──────── Data provided

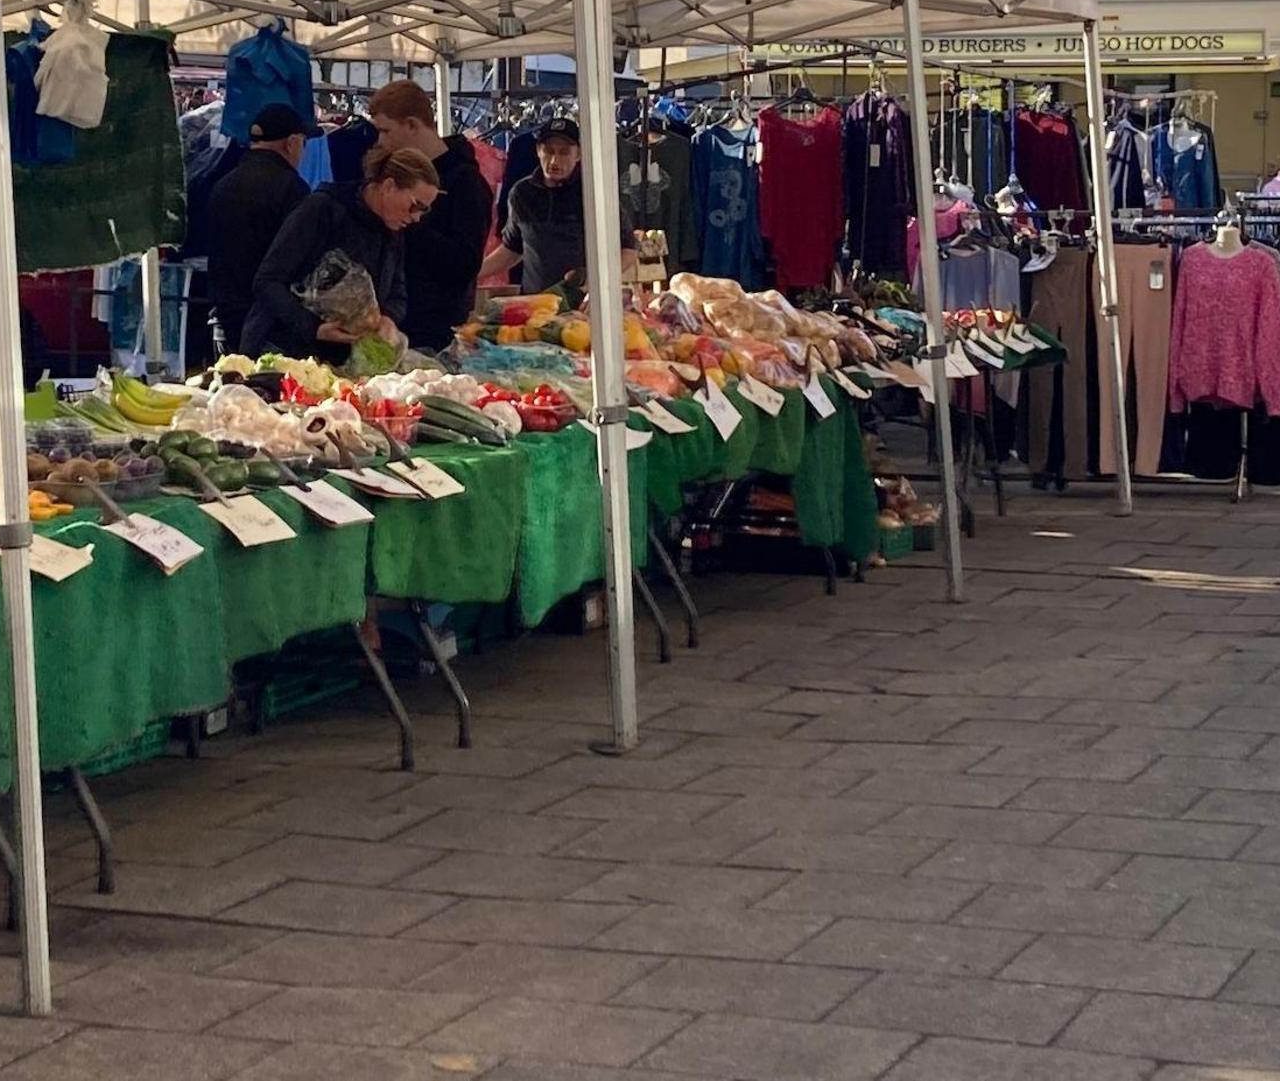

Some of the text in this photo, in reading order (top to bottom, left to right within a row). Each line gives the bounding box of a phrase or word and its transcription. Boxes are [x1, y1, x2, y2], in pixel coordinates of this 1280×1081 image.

[868, 39, 934, 53] POUD
[939, 38, 1026, 53] BURGERS
[1054, 37, 1121, 53] JUBO
[1126, 36, 1166, 50] HOT
[1171, 35, 1225, 50] DOGS

────────────────

Transcribe the records above verbatim. Do not carry over any picture.

Some of the text in this photo, in reading order (top to bottom, left to right within a row). Each line gives the bounding box of a phrase or word and its transcription. Boxes are [x1, y1, x2, y2], in pixel coordinates of this 1280×1081 image.

[868, 39, 934, 53] POUD
[939, 38, 1026, 53] BURGERS
[1054, 37, 1121, 53] JUBO
[1126, 36, 1166, 50] HOT
[1171, 35, 1225, 50] DOGS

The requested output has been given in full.